> Recorded information:
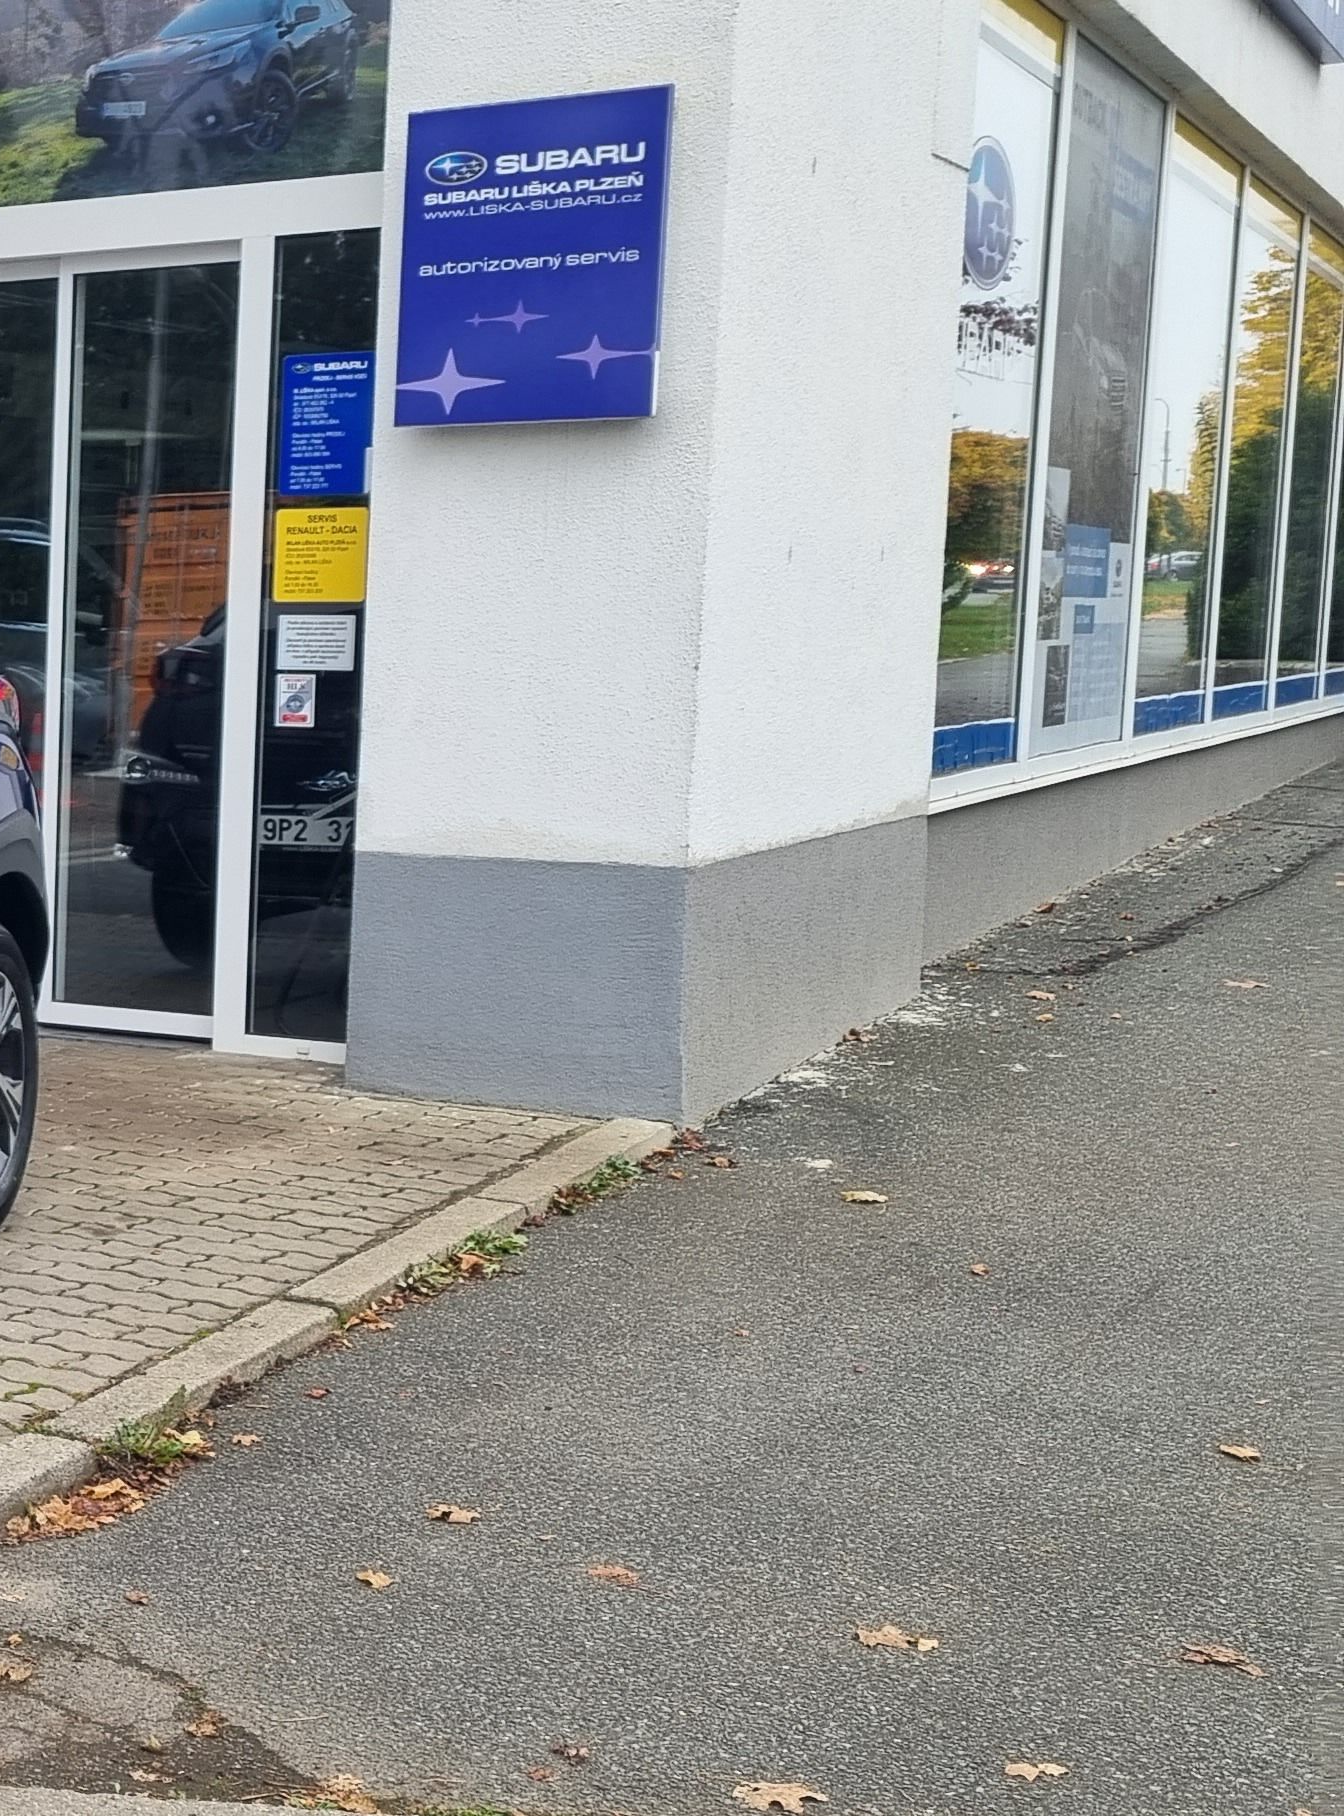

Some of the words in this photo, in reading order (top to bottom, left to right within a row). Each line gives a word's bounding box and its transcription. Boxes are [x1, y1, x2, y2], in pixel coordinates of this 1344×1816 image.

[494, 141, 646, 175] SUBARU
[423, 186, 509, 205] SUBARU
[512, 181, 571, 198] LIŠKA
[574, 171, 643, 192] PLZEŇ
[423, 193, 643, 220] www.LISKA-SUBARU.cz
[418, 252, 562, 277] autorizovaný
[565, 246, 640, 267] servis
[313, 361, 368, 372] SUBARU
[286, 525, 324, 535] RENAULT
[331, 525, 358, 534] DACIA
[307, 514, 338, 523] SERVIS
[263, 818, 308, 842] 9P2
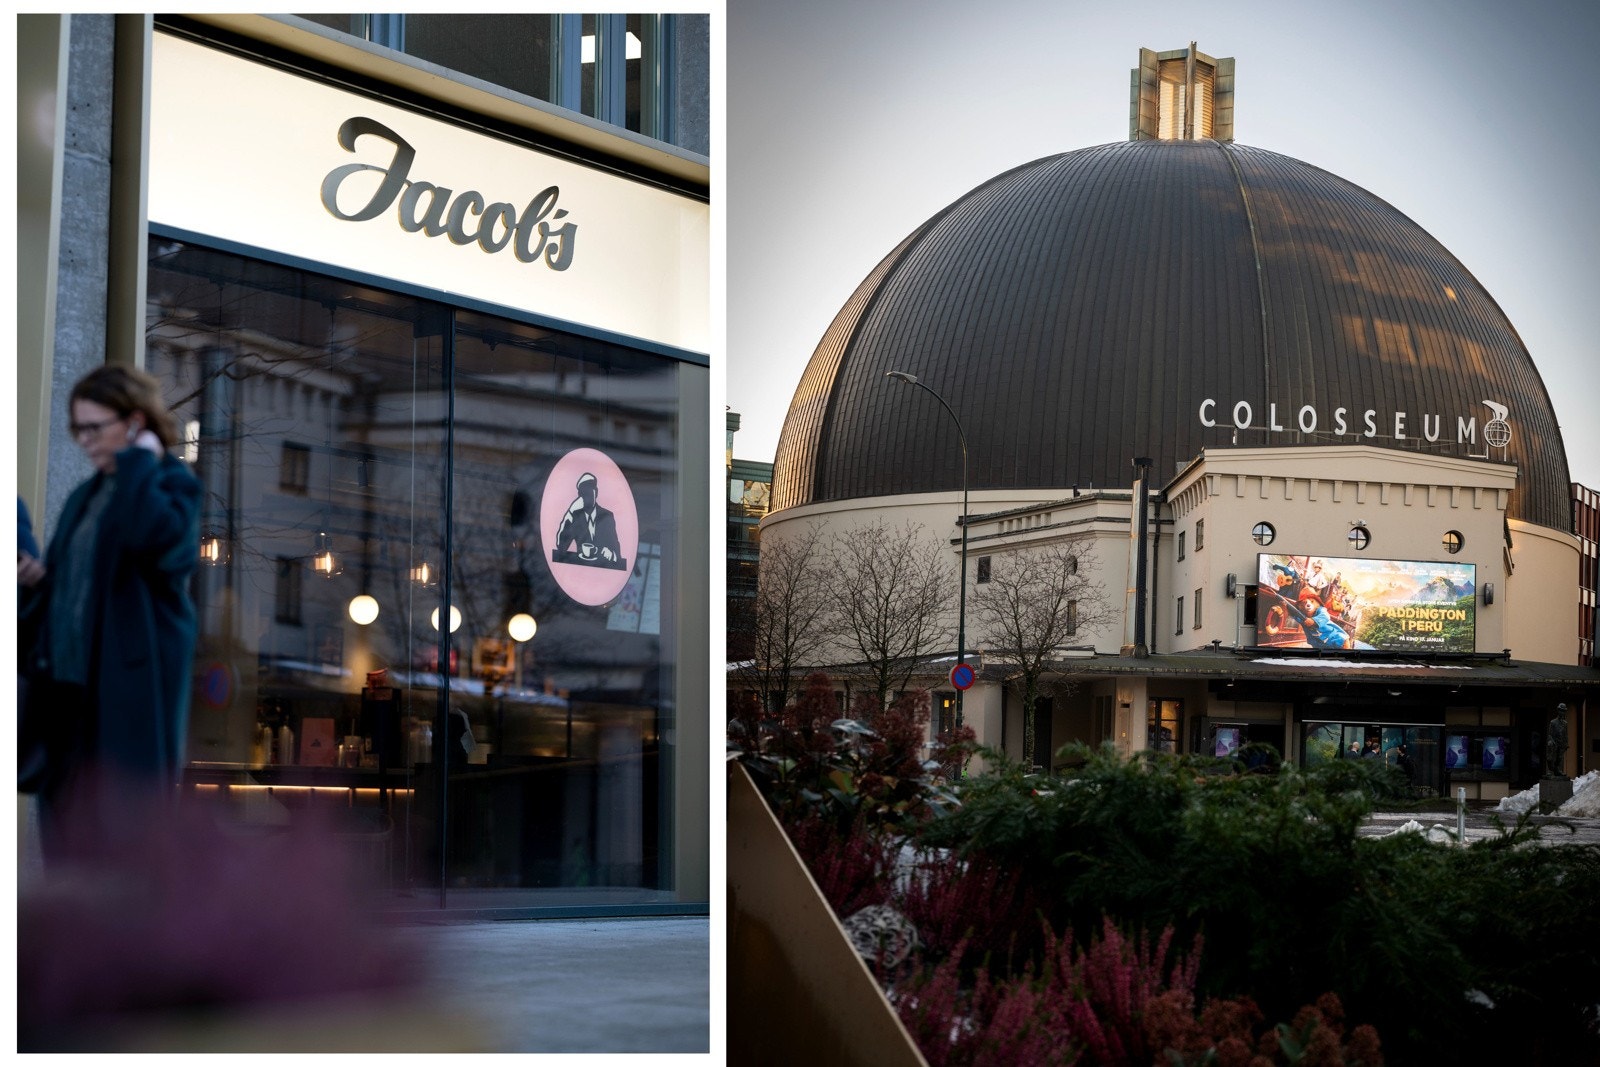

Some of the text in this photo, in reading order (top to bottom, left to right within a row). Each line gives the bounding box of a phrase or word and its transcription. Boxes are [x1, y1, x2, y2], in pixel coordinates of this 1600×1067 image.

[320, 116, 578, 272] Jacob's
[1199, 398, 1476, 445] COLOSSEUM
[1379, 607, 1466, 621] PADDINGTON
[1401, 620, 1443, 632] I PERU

> Exercise: The records above must be printed exactly, but the pictures they hold should be omitted.

> Answer for this exercise:
Some of the words in this photo, in reading order (top to bottom, left to right within a row). Each line gives a word's bounding box and its transcription. Boxes are [x1, y1, x2, y2], in pixel coordinates of this 1344×1816 image.

[494, 141, 646, 175] SUBARU
[423, 186, 509, 205] SUBARU
[512, 181, 571, 198] LIŠKA
[574, 171, 643, 192] PLZEŇ
[423, 193, 643, 220] www.LISKA-SUBARU.cz
[418, 252, 562, 277] autorizovaný
[565, 246, 640, 267] servis
[313, 361, 368, 372] SUBARU
[286, 525, 324, 535] RENAULT
[331, 525, 358, 534] DACIA
[307, 514, 338, 523] SERVIS
[263, 818, 308, 842] 9P2

Some of the text in this photo, in reading order (top to bottom, left to right within a row). Each line gives the bounding box of a phrase or word and its transcription. Boxes are [x1, y1, x2, y2], in pixel coordinates of this 1600×1067 image.

[320, 116, 578, 272] Jacob's
[1199, 398, 1476, 445] COLOSSEUM
[1379, 607, 1466, 621] PADDINGTON
[1401, 620, 1443, 632] I PERU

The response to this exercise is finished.